_Work to complete_
All records are to be restated word for word, with pictures excluded.

=====

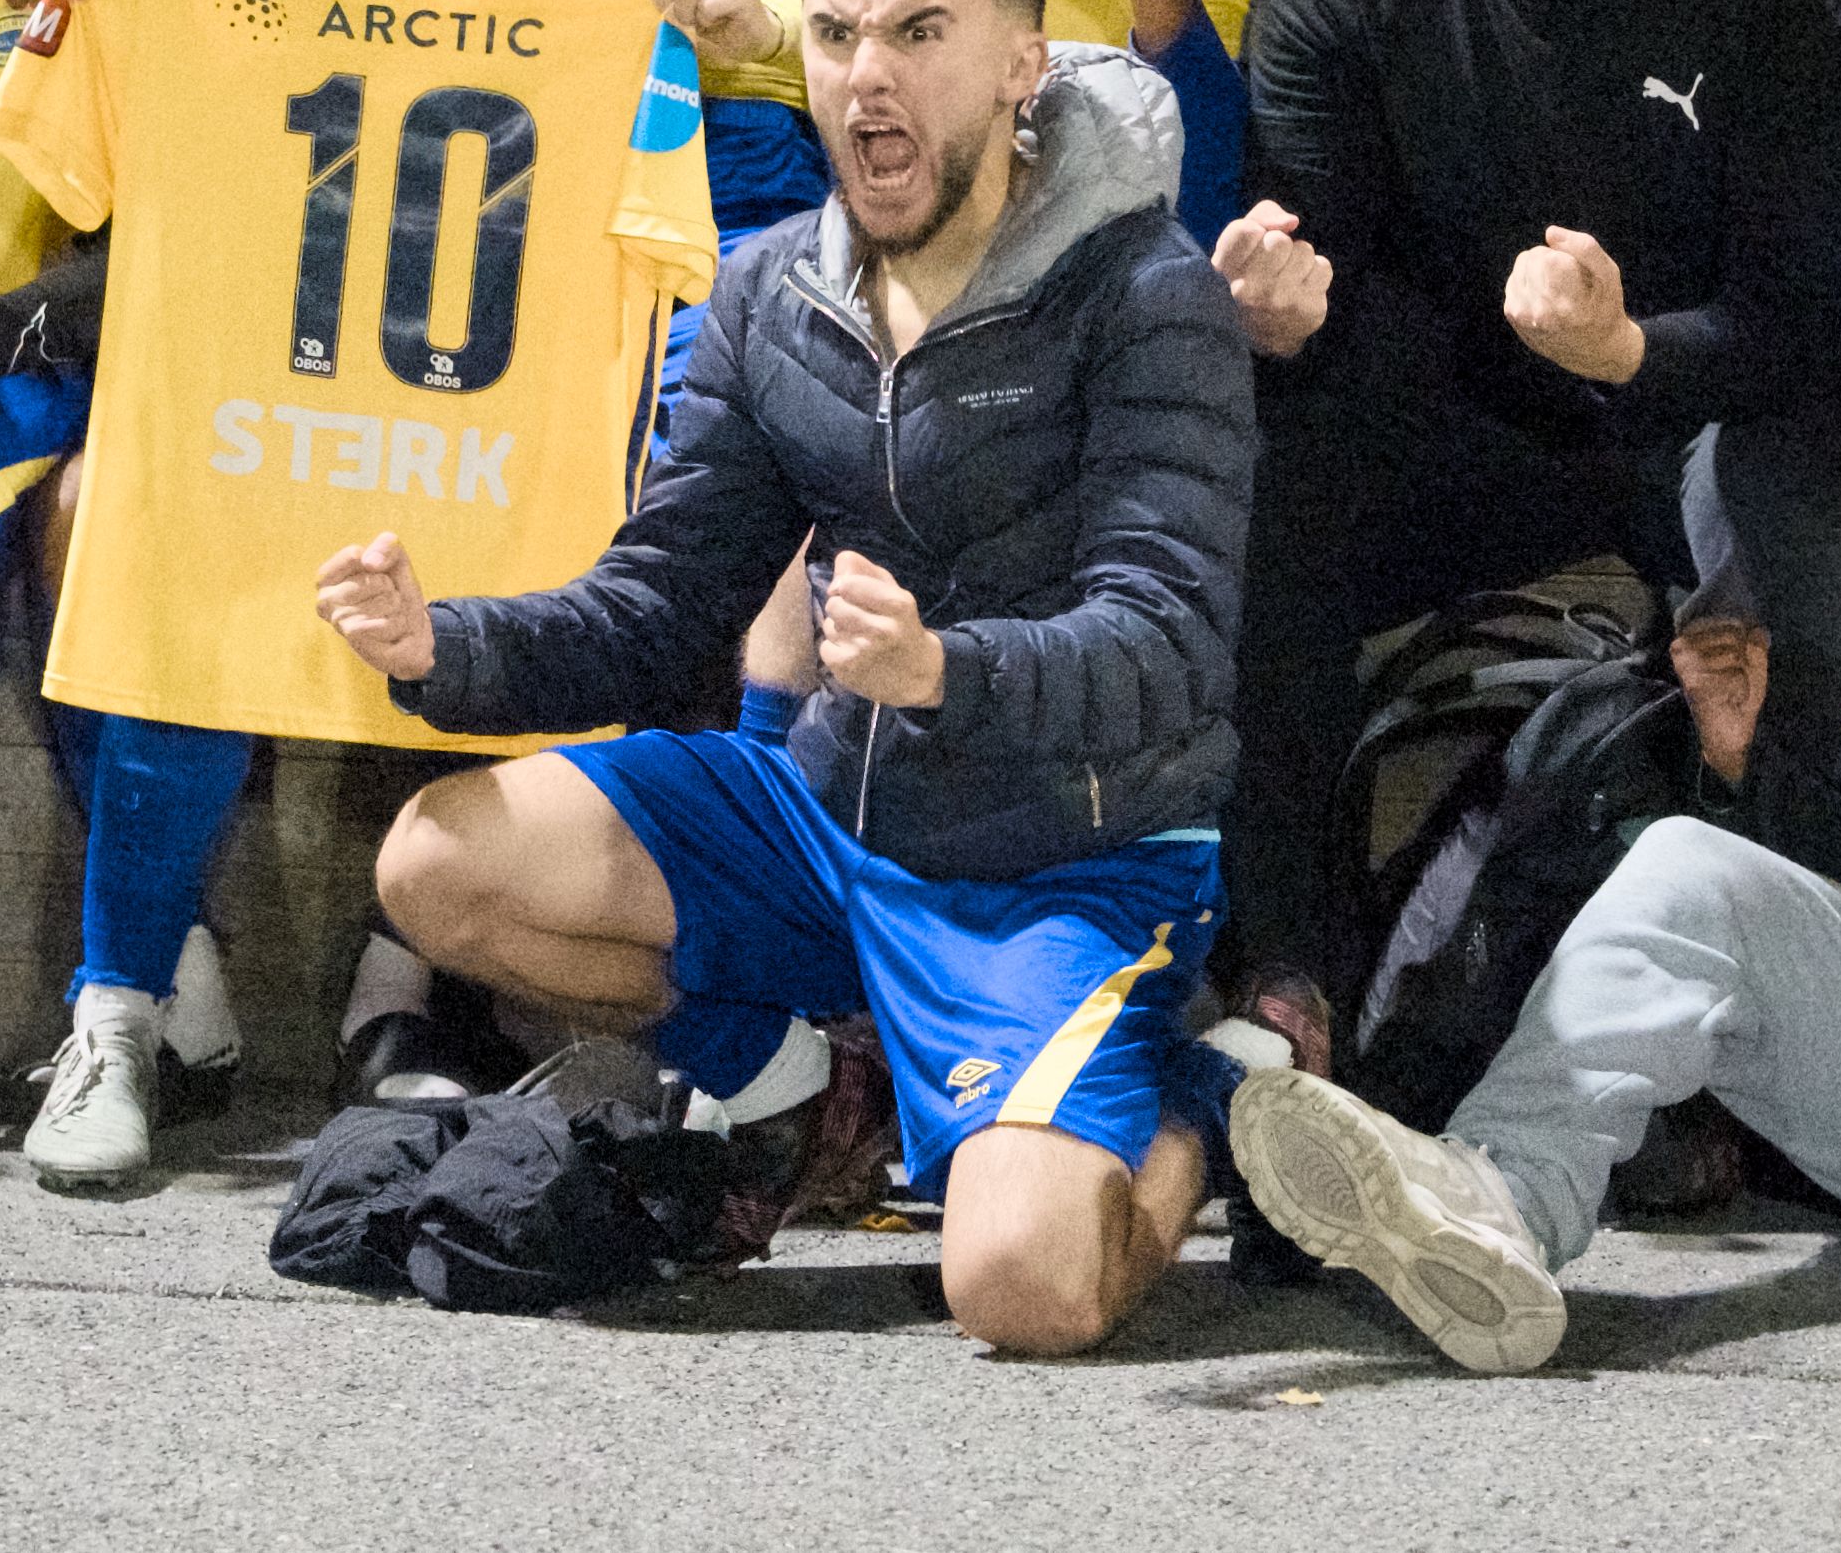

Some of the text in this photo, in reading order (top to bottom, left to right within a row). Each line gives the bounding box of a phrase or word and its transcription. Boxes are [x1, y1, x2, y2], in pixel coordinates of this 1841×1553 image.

[317, 0, 545, 58] ARCTIC
[284, 71, 538, 395] 10
[293, 356, 332, 373] OBOS
[423, 373, 462, 389] OBOS
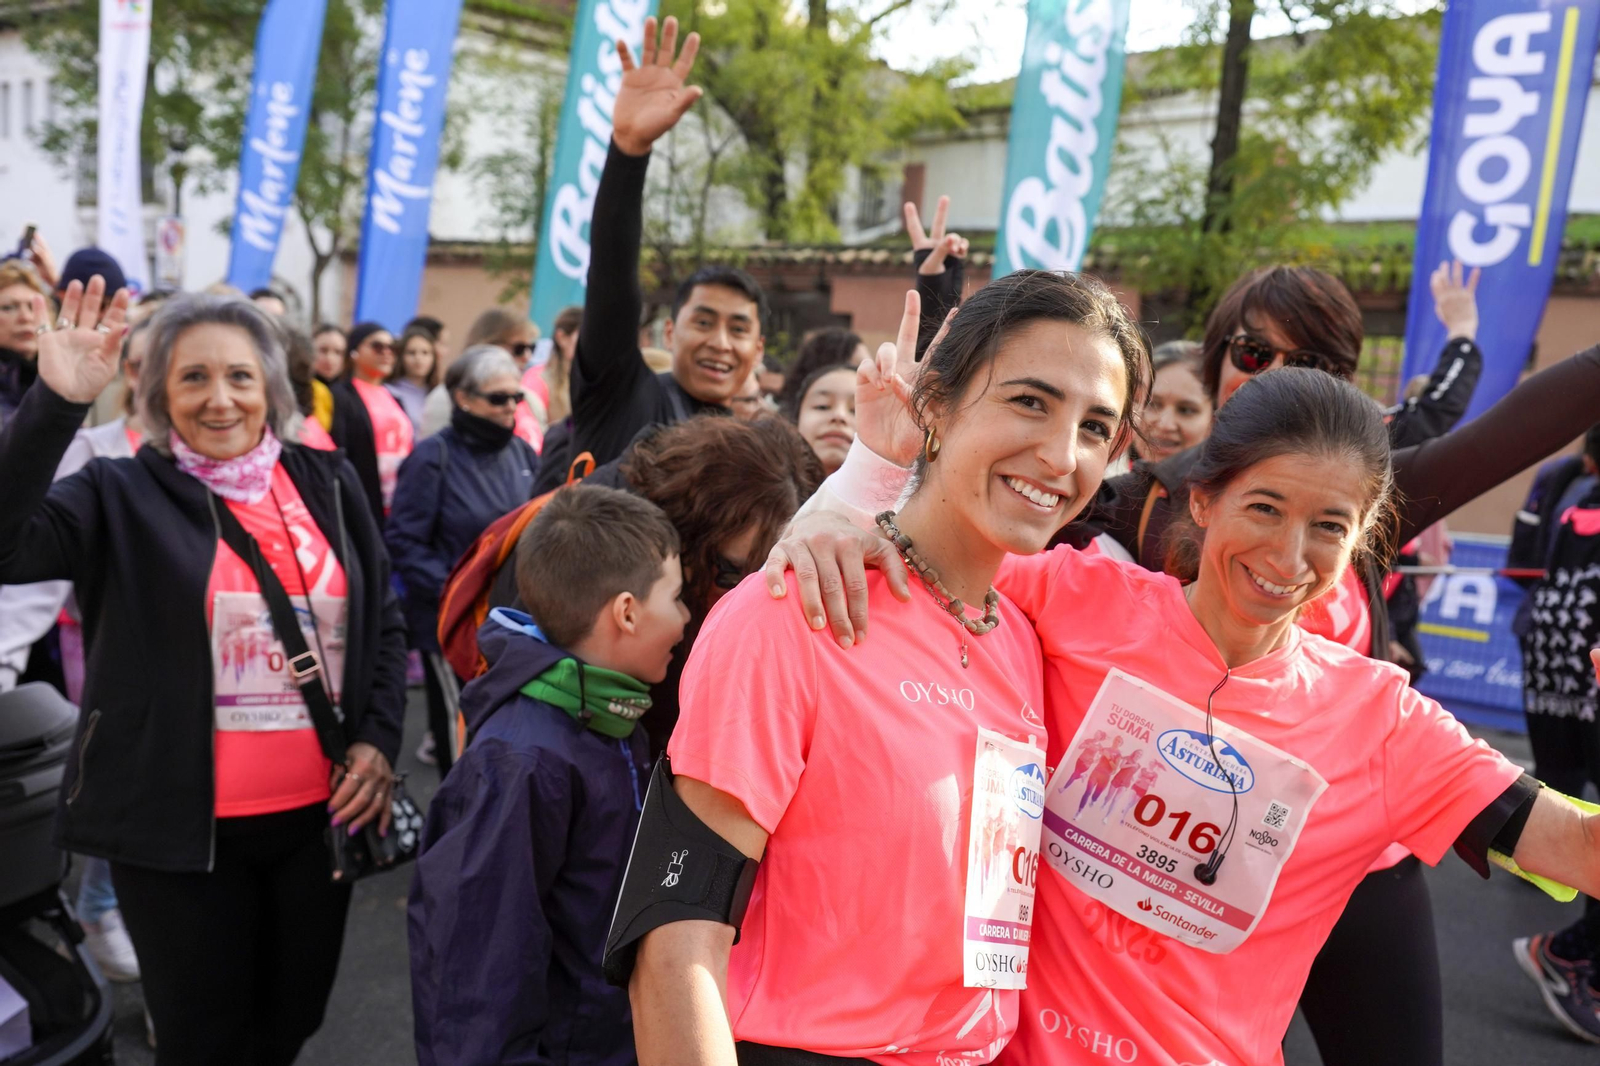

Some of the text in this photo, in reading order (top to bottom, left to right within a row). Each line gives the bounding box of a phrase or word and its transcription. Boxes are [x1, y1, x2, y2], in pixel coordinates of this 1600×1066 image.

[239, 81, 298, 251] Marlene
[370, 48, 436, 234] Marlene
[1447, 11, 1553, 267] GOYA
[1106, 713, 1150, 744] SUMA
[1110, 703, 1156, 732] TU DORSAL
[1162, 736, 1245, 790] ASTURIANA
[1133, 794, 1222, 854] 016
[1149, 834, 1175, 851] VIOLENCIA
[1048, 842, 1114, 889] OYSHO
[1064, 828, 1226, 917] CARRERA DE LA MUJER SEVILLA
[1136, 844, 1179, 873] 3895
[979, 923, 1011, 939] CARRERA
[1084, 899, 1170, 966] 2025
[1152, 903, 1218, 940] Santander
[1039, 1008, 1138, 1064] OYSHO
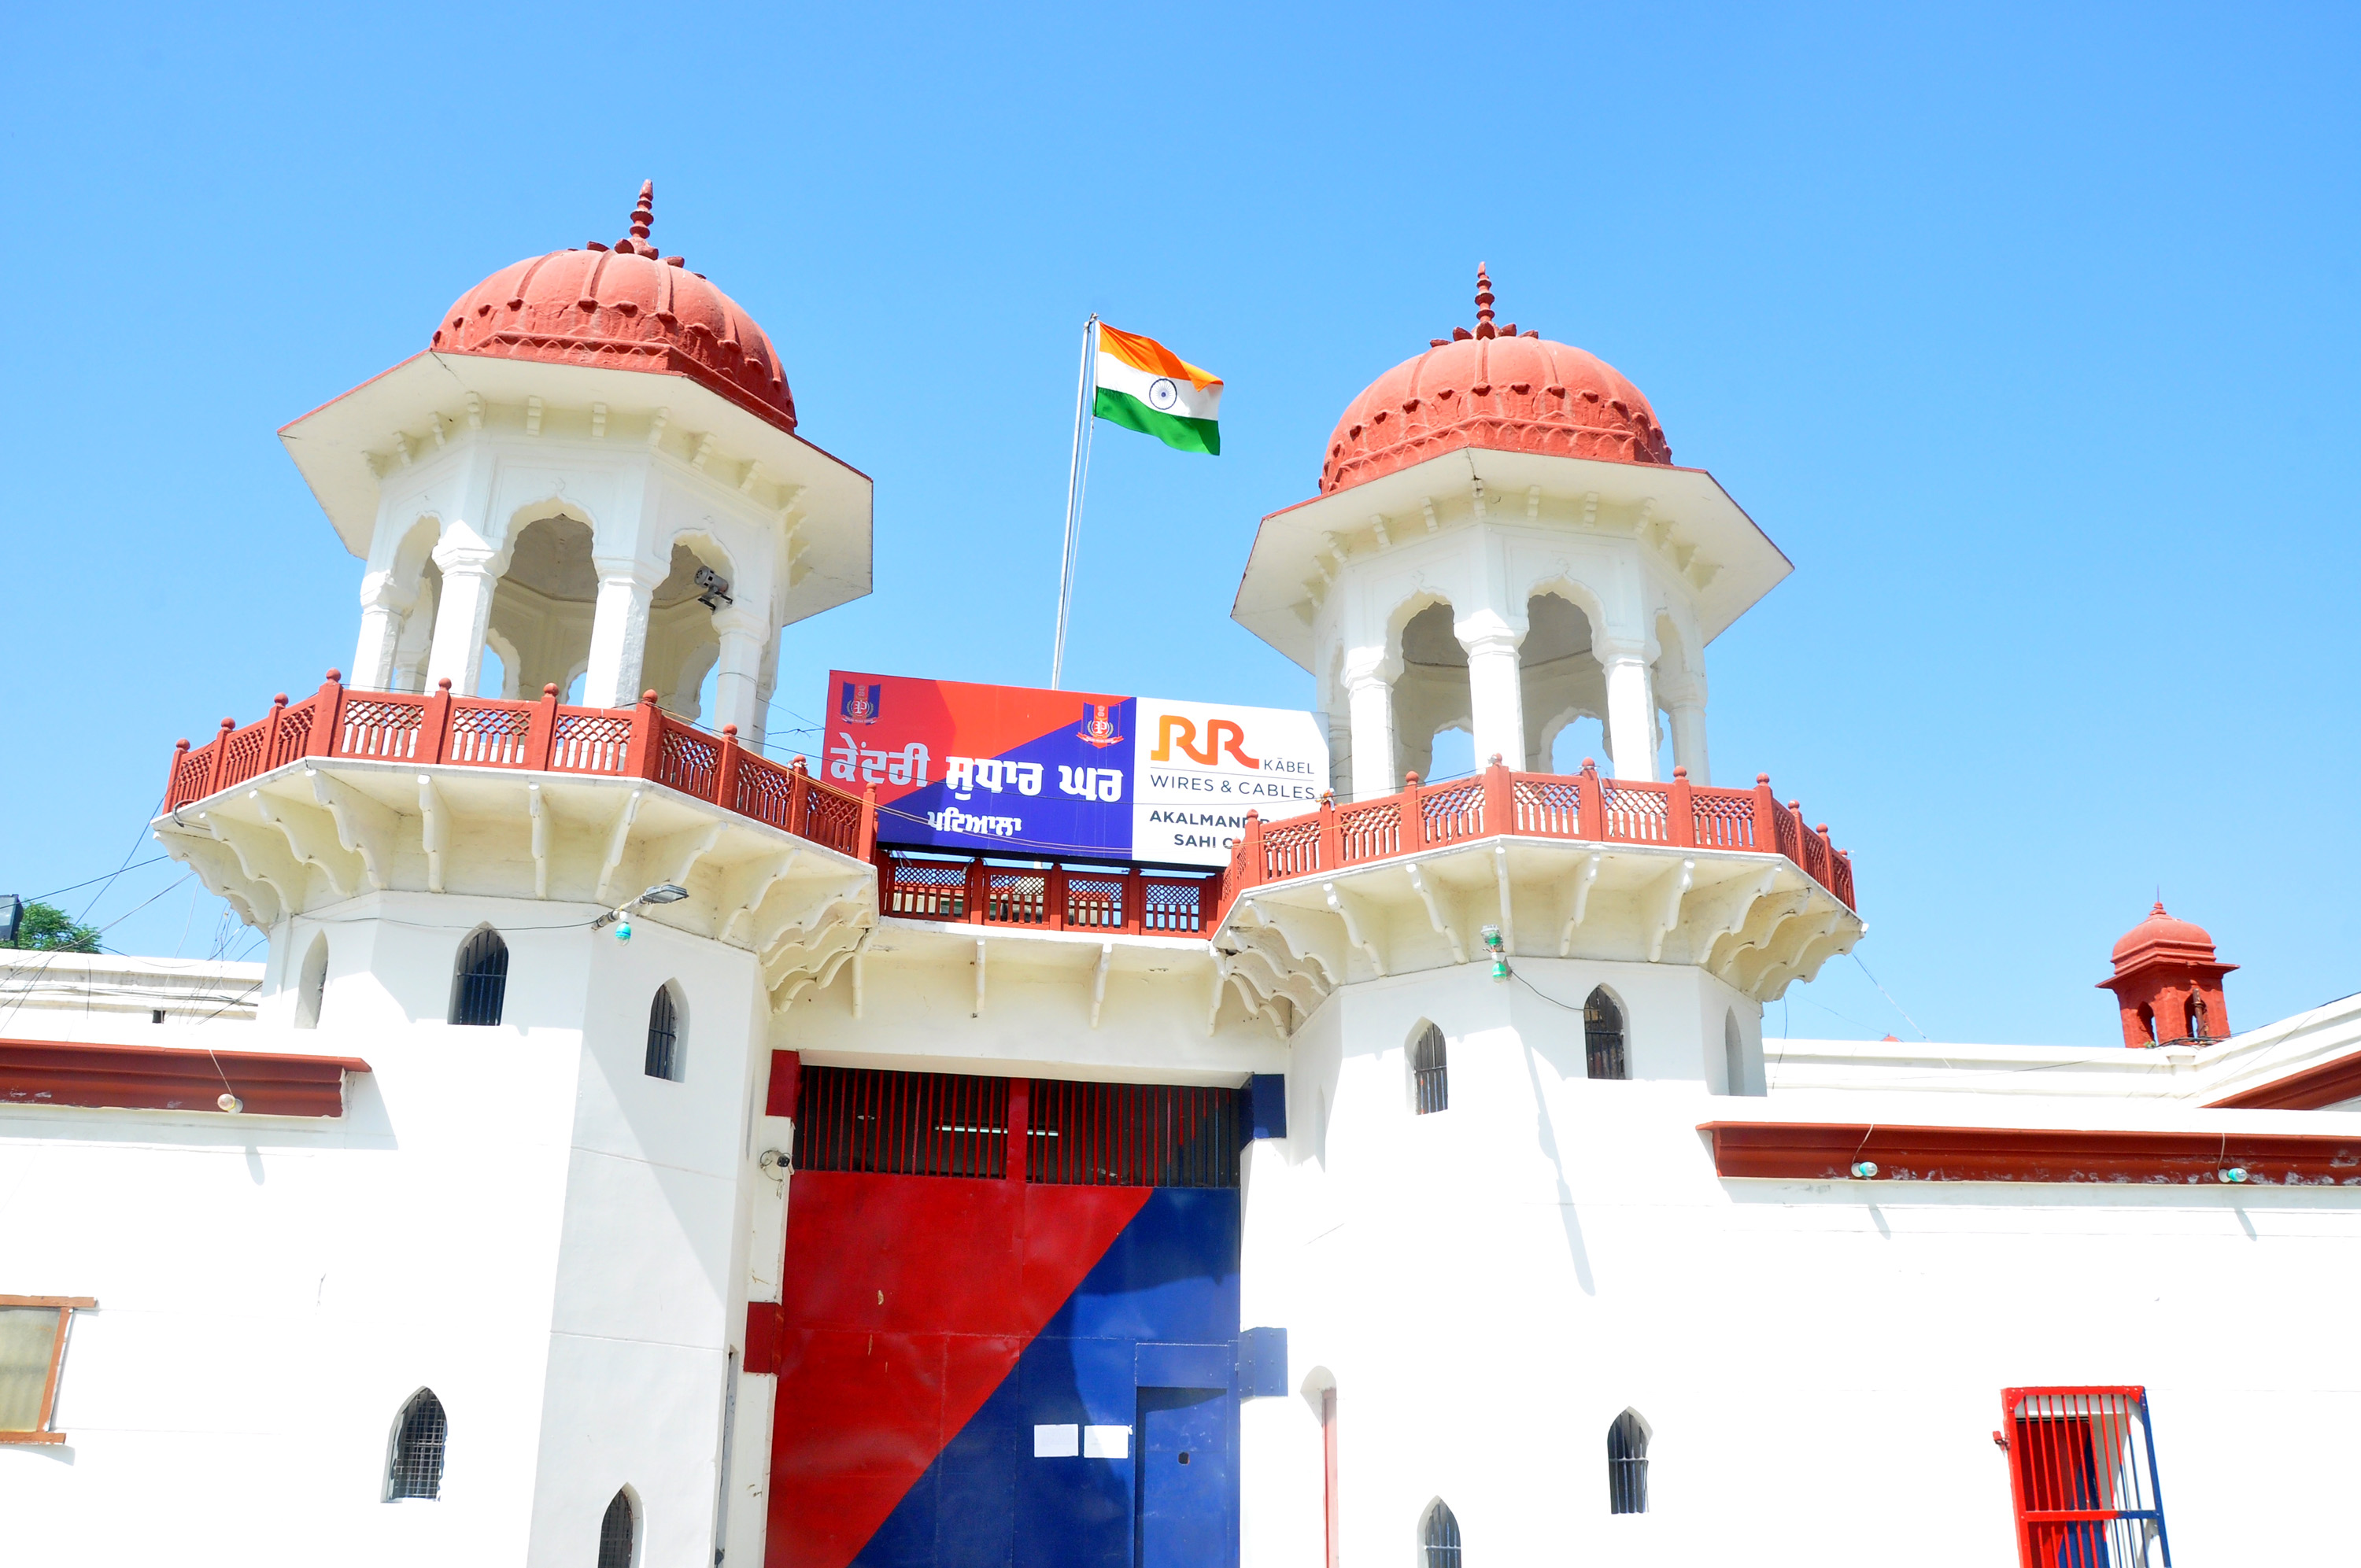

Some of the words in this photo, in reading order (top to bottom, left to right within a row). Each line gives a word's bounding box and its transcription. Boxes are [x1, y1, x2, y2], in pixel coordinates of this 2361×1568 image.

[1150, 714, 1260, 769] RR
[1263, 757, 1315, 775] KĀBEL
[830, 732, 931, 788] ਕੇਂਦਰੀ
[945, 755, 1044, 801] ਸੁਧਾਰ
[1058, 765, 1124, 802] ਘਰ
[1150, 774, 1214, 792] WIRES
[1220, 780, 1232, 793] &
[1238, 781, 1316, 800] CABLES
[927, 806, 1022, 836] ਪਟਿਆਲਾ
[1173, 833, 1217, 849] SAHI

=====

_Solution for this task_
Some of the text in this photo, in reading order (top to bottom, left to right within a row). Each line gives the bounding box of a phrase or word and its transcription. Boxes are [x1, y1, x2, y2], in pixel coordinates of this 1841×1553 image.

[317, 0, 545, 58] ARCTIC
[284, 71, 538, 395] 10
[293, 356, 332, 373] OBOS
[423, 373, 462, 389] OBOS

Some of the text in this photo, in reading order (top to bottom, left to right within a row). Each line gives the bounding box of a phrase or word and its transcription. Boxes are [x1, y1, x2, y2], in pixel coordinates of this 1600×1066 image.

[239, 81, 298, 251] Marlene
[370, 48, 436, 234] Marlene
[1447, 11, 1553, 267] GOYA
[1106, 713, 1150, 744] SUMA
[1110, 703, 1156, 732] TU DORSAL
[1162, 736, 1245, 790] ASTURIANA
[1133, 794, 1222, 854] 016
[1149, 834, 1175, 851] VIOLENCIA
[1048, 842, 1114, 889] OYSHO
[1064, 828, 1226, 917] CARRERA DE LA MUJER SEVILLA
[1136, 844, 1179, 873] 3895
[979, 923, 1011, 939] CARRERA
[1084, 899, 1170, 966] 2025
[1152, 903, 1218, 940] Santander
[1039, 1008, 1138, 1064] OYSHO

Some of the words in this photo, in reading order (top to bottom, left to right within a row). Each line gives a word's bounding box and its transcription. Boxes are [x1, y1, x2, y2], in pixel coordinates of this 2361×1568 image.

[1150, 714, 1260, 769] RR
[1263, 757, 1315, 775] KĀBEL
[830, 732, 931, 788] ਕੇਂਦਰੀ
[945, 755, 1044, 801] ਸੁਧਾਰ
[1058, 765, 1124, 802] ਘਰ
[1150, 774, 1214, 792] WIRES
[1220, 780, 1232, 793] &
[1238, 781, 1316, 800] CABLES
[927, 806, 1022, 836] ਪਟਿਆਲਾ
[1173, 833, 1217, 849] SAHI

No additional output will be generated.